WORK INSTRUCTION: Without including any pictures, return the records below exactly as written.

DATASET ENTRIES:

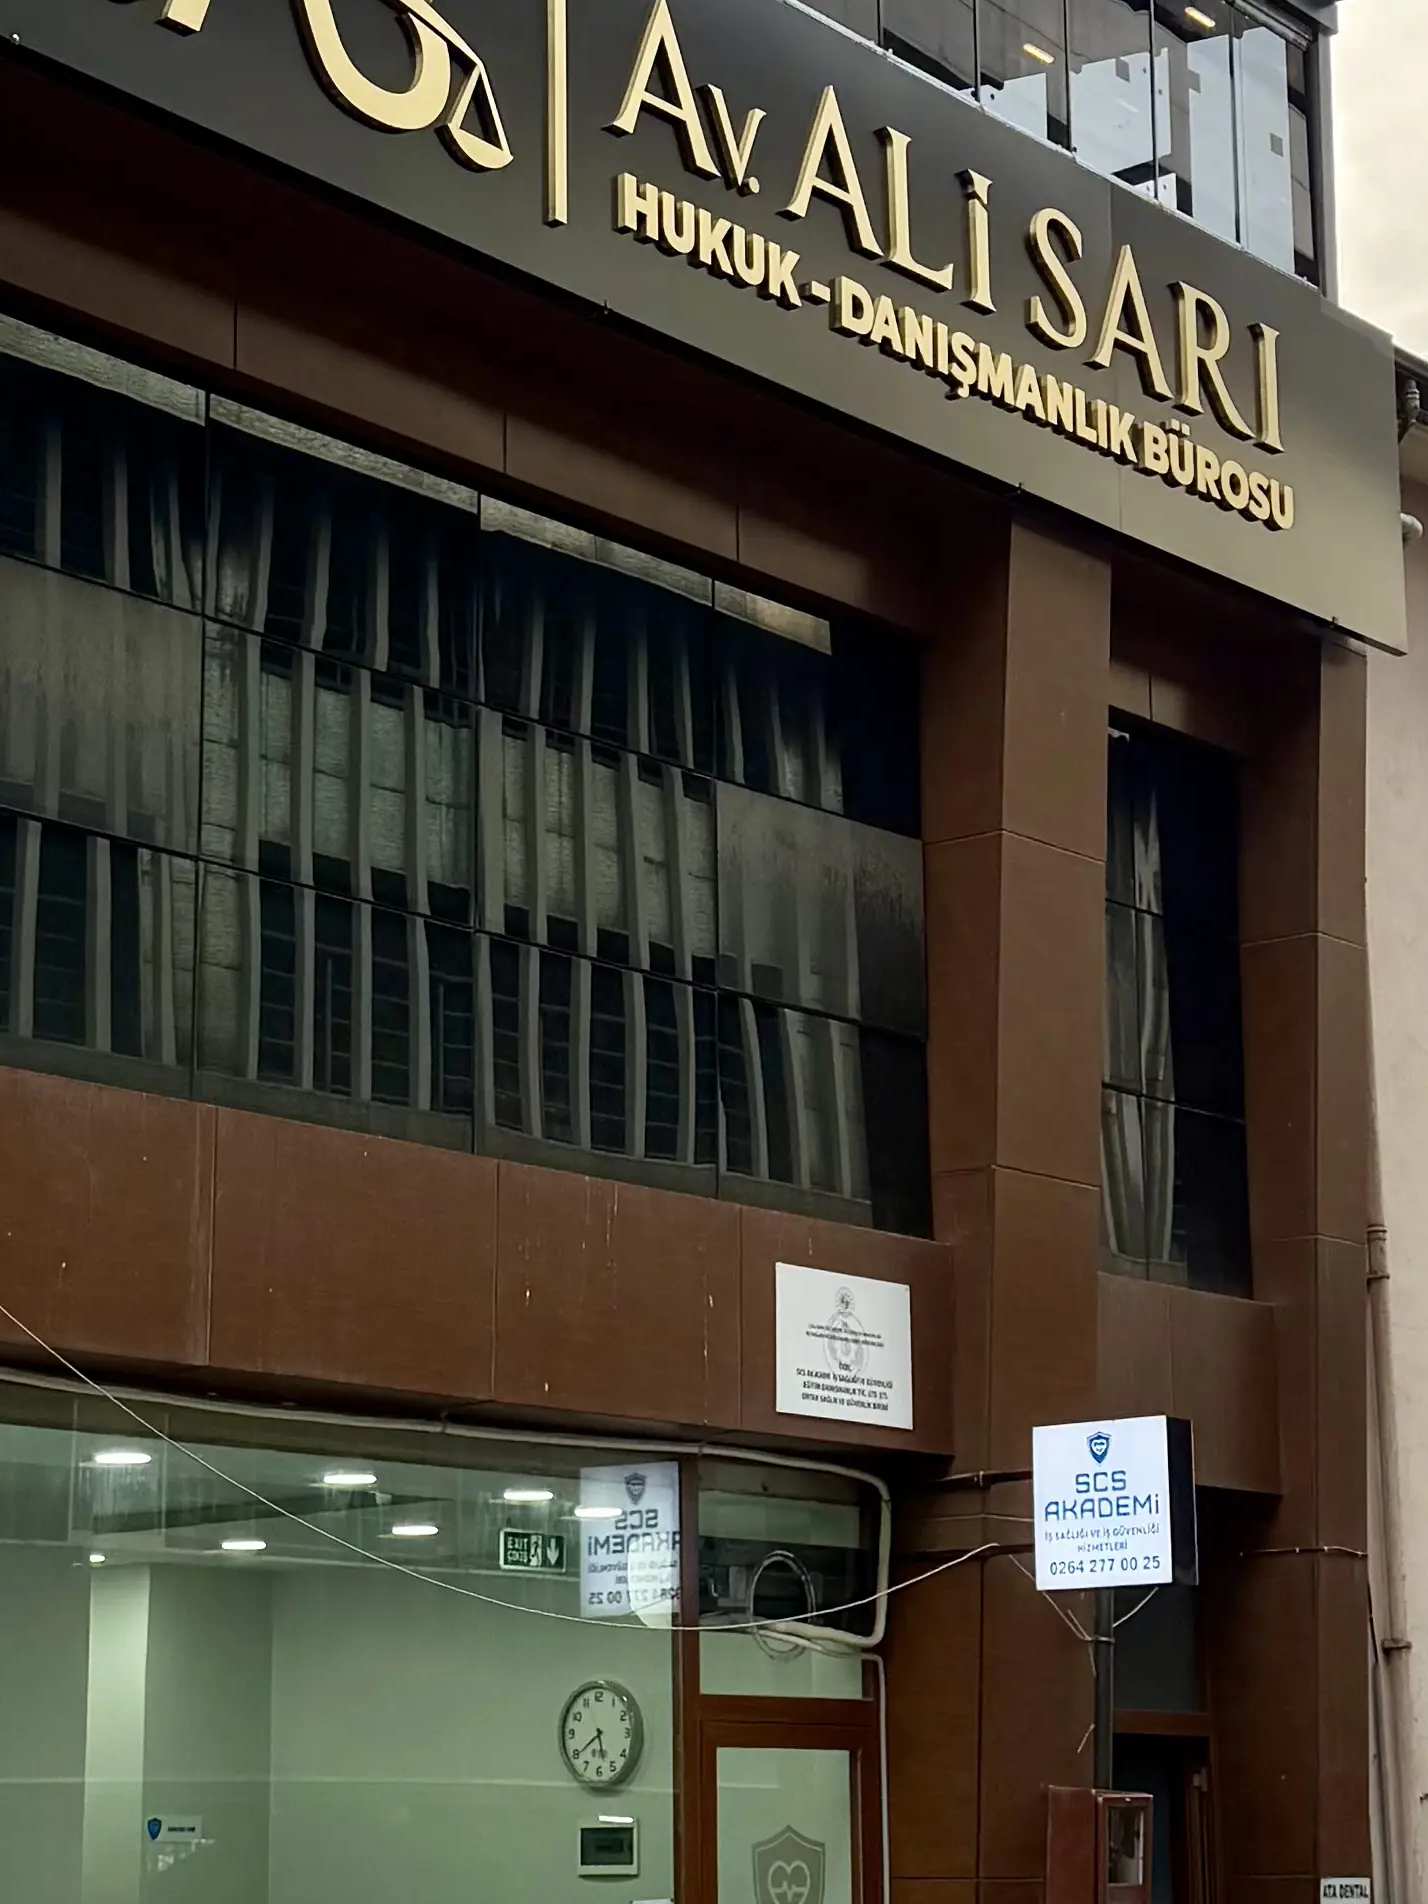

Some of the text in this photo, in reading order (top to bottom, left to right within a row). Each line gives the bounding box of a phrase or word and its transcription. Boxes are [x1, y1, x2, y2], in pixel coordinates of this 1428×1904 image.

[776, 85, 997, 315] ALİ
[1025, 207, 1285, 454] SARI
[617, 172, 802, 309] HUKUK
[829, 275, 1138, 466] DANIŞMANLIK
[1136, 419, 1295, 532] BÜROSU
[1075, 1470, 1126, 1493] SCS
[1045, 1494, 1159, 1521] AKADEMİ
[1050, 1555, 1160, 1575] 0264 277 00 25
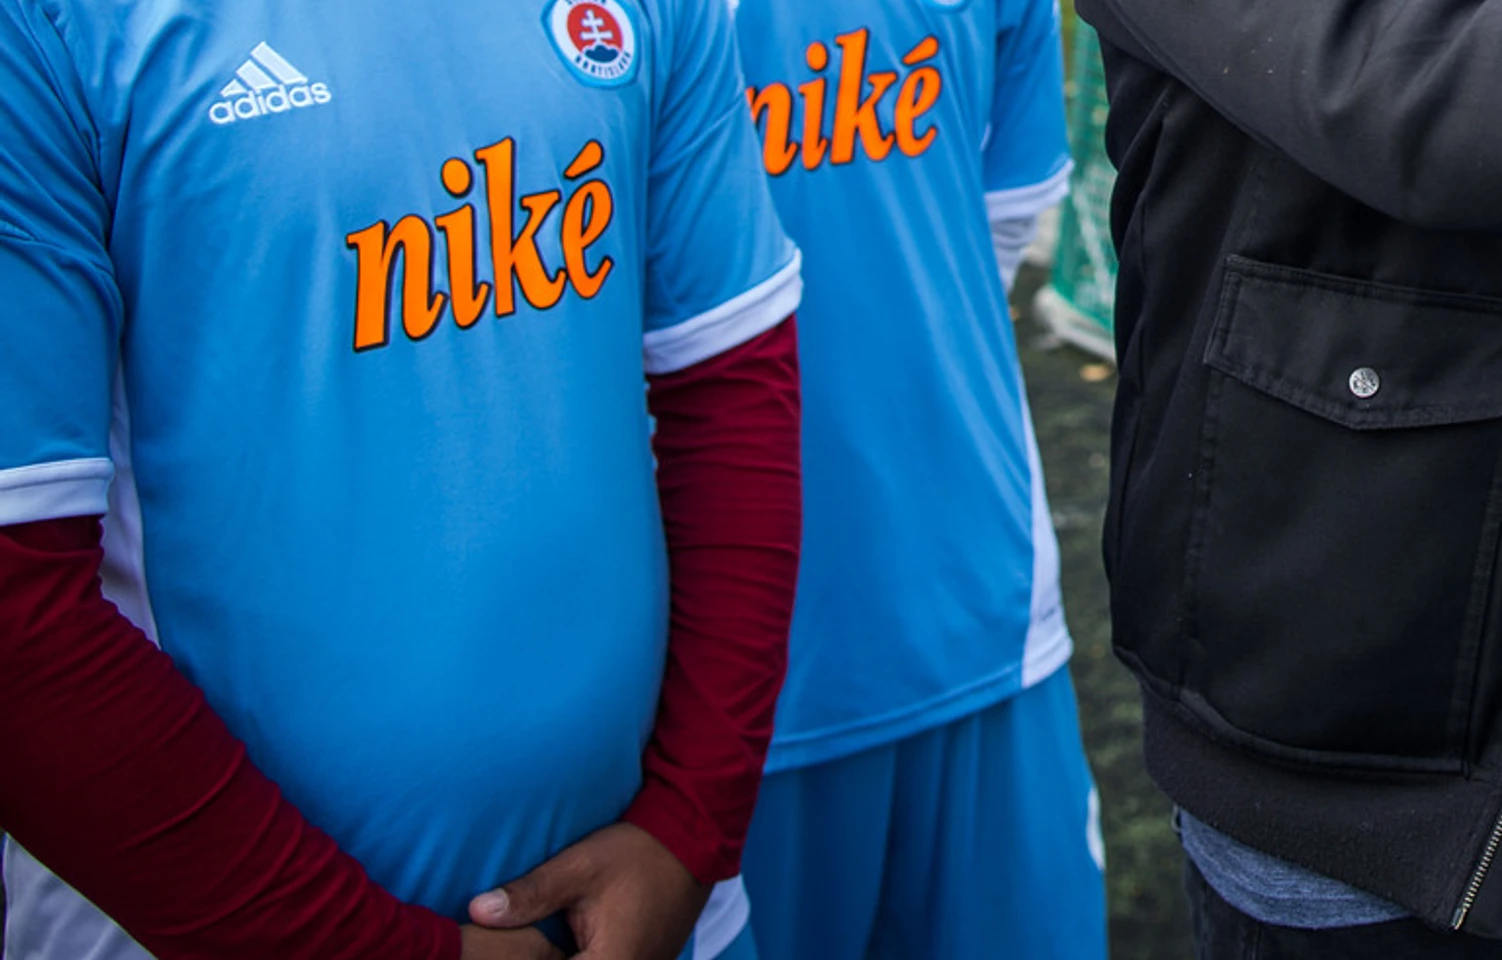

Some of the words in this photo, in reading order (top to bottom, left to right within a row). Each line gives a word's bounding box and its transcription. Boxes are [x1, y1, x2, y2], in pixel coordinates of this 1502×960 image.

[208, 80, 332, 125] adidas
[745, 27, 942, 176] niké
[346, 136, 614, 353] niké
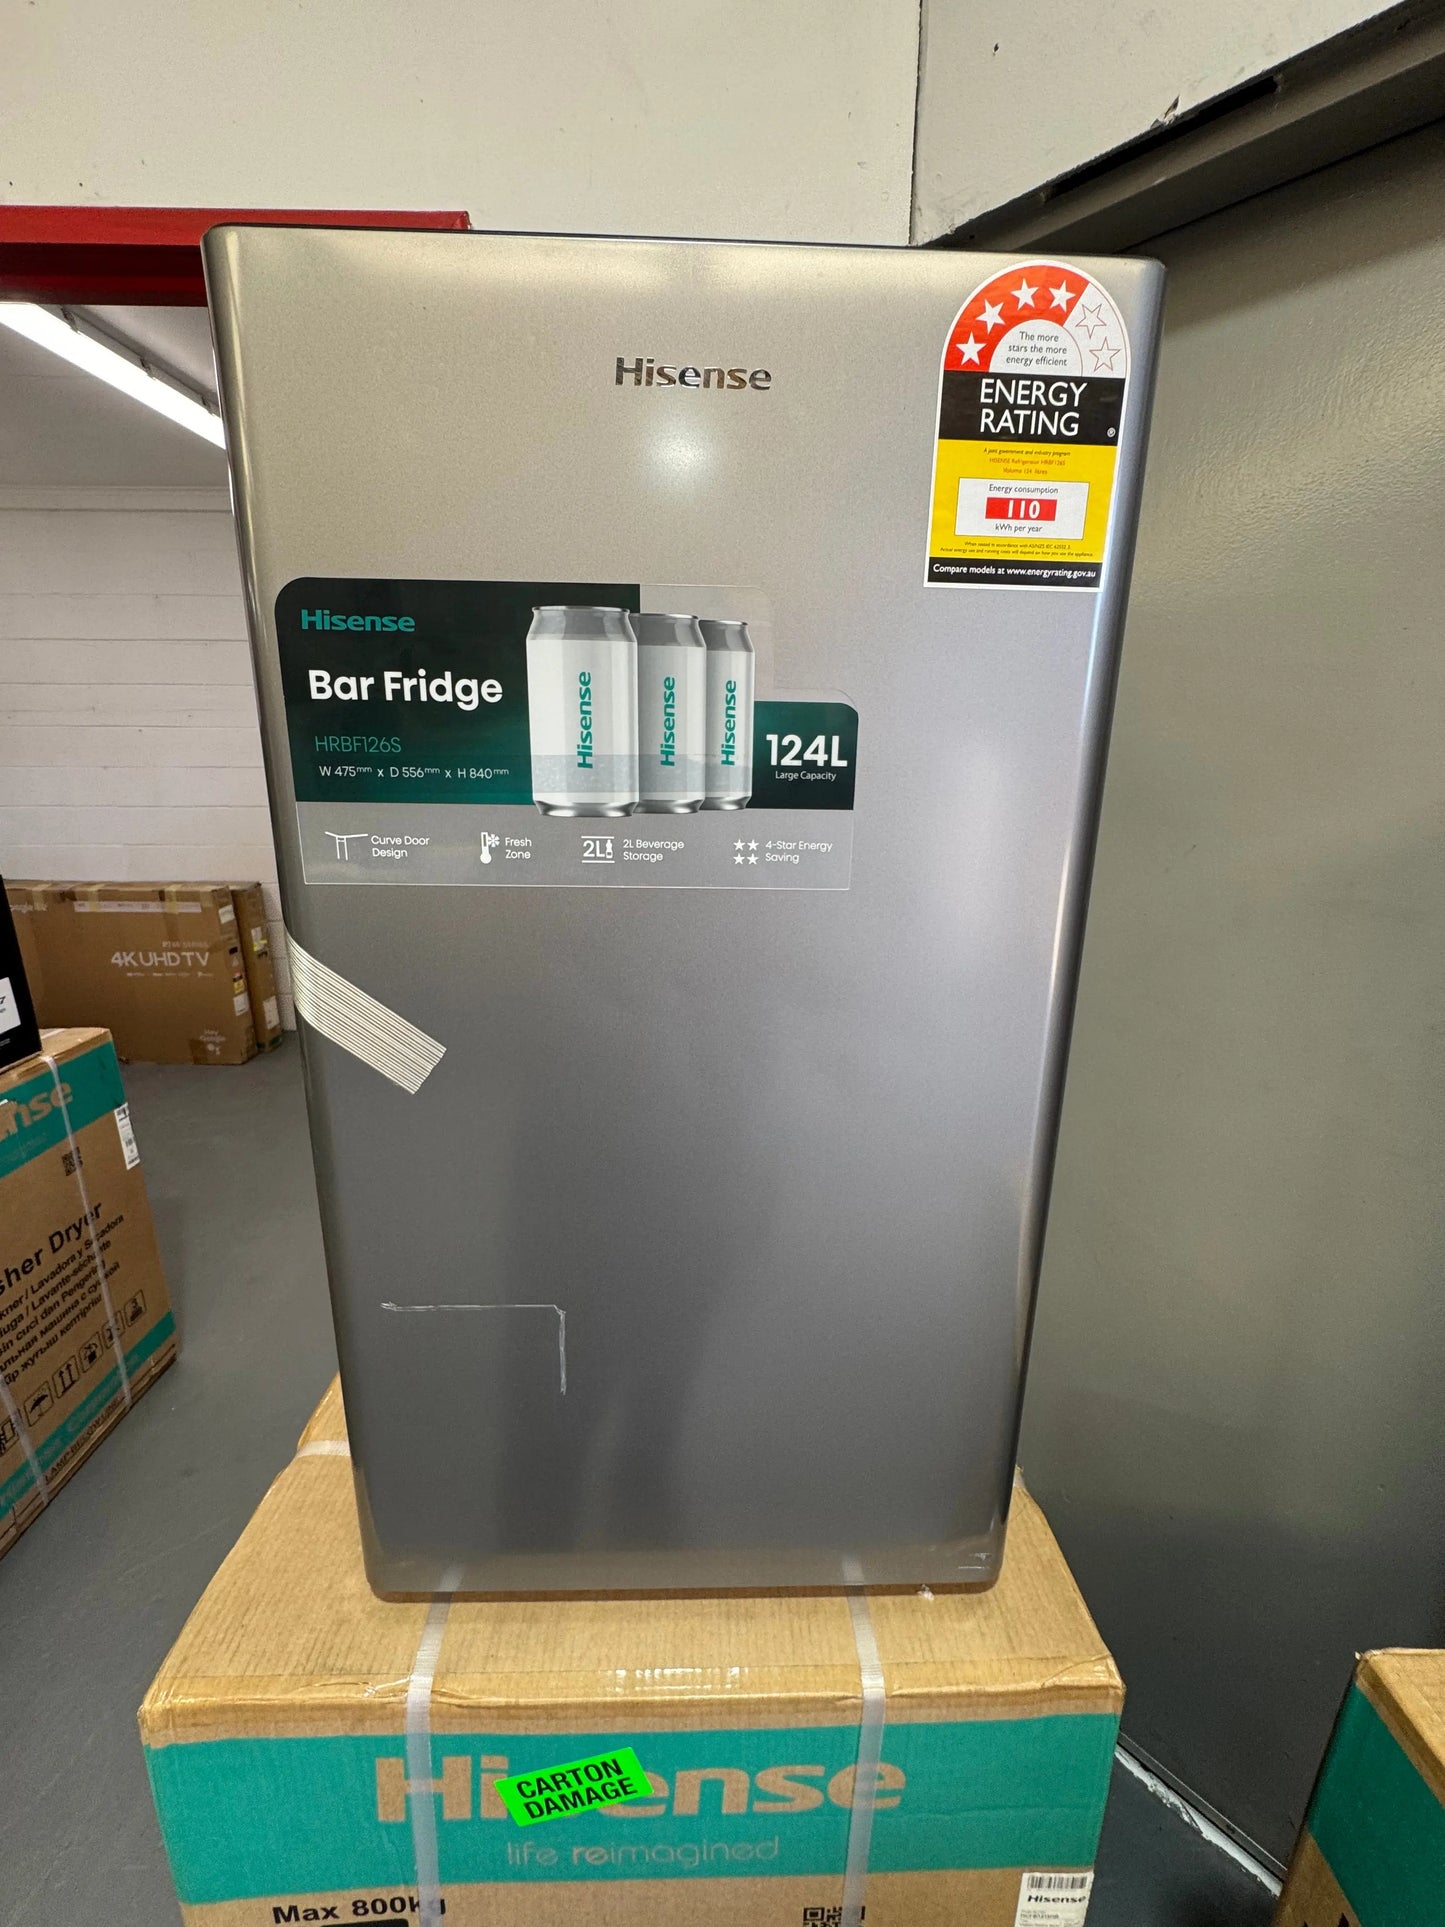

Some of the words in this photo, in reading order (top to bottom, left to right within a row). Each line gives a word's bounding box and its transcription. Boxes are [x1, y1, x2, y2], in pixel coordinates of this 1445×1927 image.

[1020, 331, 1034, 342] The
[1037, 334, 1059, 342] more
[1008, 344, 1028, 353] stars
[1030, 344, 1043, 353] the
[1045, 346, 1067, 354] more
[1006, 356, 1033, 366] energy
[1036, 356, 1067, 366] efficient
[615, 356, 772, 390] Hisense
[980, 378, 1088, 407] ENERGY
[980, 408, 1080, 436] RATING
[989, 484, 1012, 494] Energy
[1014, 486, 1058, 494] consumption
[1007, 500, 1040, 519] 110
[995, 523, 1012, 532] kWh
[1014, 525, 1026, 533] per
[1027, 526, 1042, 534] year
[933, 564, 967, 574] Compare
[969, 564, 996, 574] models
[1007, 567, 1096, 578] www.energyrating.gov.au
[301, 609, 415, 632] Hisense
[308, 670, 374, 700] Bar
[384, 668, 503, 711] Fridge
[576, 671, 593, 769] Hisense
[660, 676, 676, 767] Hisense
[721, 680, 737, 766] Hisense
[314, 736, 402, 753] HRBF126S
[766, 734, 848, 767] 124L
[319, 766, 332, 777] W
[334, 765, 372, 777] 475mm
[377, 768, 384, 777] x
[390, 767, 399, 778] D
[402, 767, 440, 778] 556mm
[445, 769, 452, 778] x
[458, 768, 466, 778] H
[469, 768, 509, 779] 840mm
[775, 771, 798, 781] Large
[800, 771, 836, 782] Capacity
[371, 836, 402, 846] Curve
[404, 836, 430, 846] Door
[505, 837, 532, 847] Fresh
[623, 840, 634, 849] 2L
[636, 840, 684, 850] Beverage
[765, 841, 796, 850] 4-Star
[798, 841, 832, 853] Energy
[372, 848, 408, 859] Design
[506, 850, 531, 859] Zone
[623, 852, 663, 862] Storage
[765, 853, 799, 864] Saving
[111, 951, 138, 967] 4K
[84, 1214, 124, 1250] Scadora
[374, 1753, 907, 1823] Hiense
[515, 1758, 624, 1802] CARTON
[523, 1776, 638, 1822] DAMAGE
[507, 1840, 558, 1866] life
[571, 1836, 780, 1868] reimagined
[1027, 1894, 1087, 1904] Hisense
[272, 1905, 340, 1925] Max
[351, 1895, 446, 1918] 800k

EXERCISE RESULT:
Some of the text in this photo, in reading order (top to bottom, left to right within a row). Each line gives the bounding box of a phrase or word and its transcription. Boxes are [x1, y1, x2, y2], in pixel coordinates of this 1428×1904 image.

[776, 85, 997, 315] ALİ
[1025, 207, 1285, 454] SARI
[617, 172, 802, 309] HUKUK
[829, 275, 1138, 466] DANIŞMANLIK
[1136, 419, 1295, 532] BÜROSU
[1075, 1470, 1126, 1493] SCS
[1045, 1494, 1159, 1521] AKADEMİ
[1050, 1555, 1160, 1575] 0264 277 00 25

Some of the words in this photo, in reading order (top to bottom, left to right within a row). Each line gives a word's bounding box and its transcription. Boxes are [x1, y1, x2, y2], in pixel coordinates of this 1502×960 image.

[208, 80, 332, 125] adidas
[745, 27, 942, 176] niké
[346, 136, 614, 353] niké

Some of the words in this photo, in reading order (top to bottom, left to right within a row). Each line gives a word's bounding box and its transcription. Boxes are [x1, y1, x2, y2], in pixel coordinates of this 1445×1927 image.

[1020, 331, 1034, 342] The
[1037, 334, 1059, 342] more
[1008, 344, 1028, 353] stars
[1030, 344, 1043, 353] the
[1045, 346, 1067, 354] more
[1006, 356, 1033, 366] energy
[1036, 356, 1067, 366] efficient
[615, 356, 772, 390] Hisense
[980, 378, 1088, 407] ENERGY
[980, 408, 1080, 436] RATING
[989, 484, 1012, 494] Energy
[1014, 486, 1058, 494] consumption
[1007, 500, 1040, 519] 110
[995, 523, 1012, 532] kWh
[1014, 525, 1026, 533] per
[1027, 526, 1042, 534] year
[933, 564, 967, 574] Compare
[969, 564, 996, 574] models
[1007, 567, 1096, 578] www.energyrating.gov.au
[301, 609, 415, 632] Hisense
[308, 670, 374, 700] Bar
[384, 668, 503, 711] Fridge
[576, 671, 593, 769] Hisense
[660, 676, 676, 767] Hisense
[721, 680, 737, 766] Hisense
[314, 736, 402, 753] HRBF126S
[766, 734, 848, 767] 124L
[319, 766, 332, 777] W
[334, 765, 372, 777] 475mm
[377, 768, 384, 777] x
[390, 767, 399, 778] D
[402, 767, 440, 778] 556mm
[445, 769, 452, 778] x
[458, 768, 466, 778] H
[469, 768, 509, 779] 840mm
[775, 771, 798, 781] Large
[800, 771, 836, 782] Capacity
[371, 836, 402, 846] Curve
[404, 836, 430, 846] Door
[505, 837, 532, 847] Fresh
[623, 840, 634, 849] 2L
[636, 840, 684, 850] Beverage
[765, 841, 796, 850] 4-Star
[798, 841, 832, 853] Energy
[372, 848, 408, 859] Design
[506, 850, 531, 859] Zone
[623, 852, 663, 862] Storage
[765, 853, 799, 864] Saving
[111, 951, 138, 967] 4K
[84, 1214, 124, 1250] Scadora
[374, 1753, 907, 1823] Hiense
[515, 1758, 624, 1802] CARTON
[523, 1776, 638, 1822] DAMAGE
[507, 1840, 558, 1866] life
[571, 1836, 780, 1868] reimagined
[1027, 1894, 1087, 1904] Hisense
[272, 1905, 340, 1925] Max
[351, 1895, 446, 1918] 800k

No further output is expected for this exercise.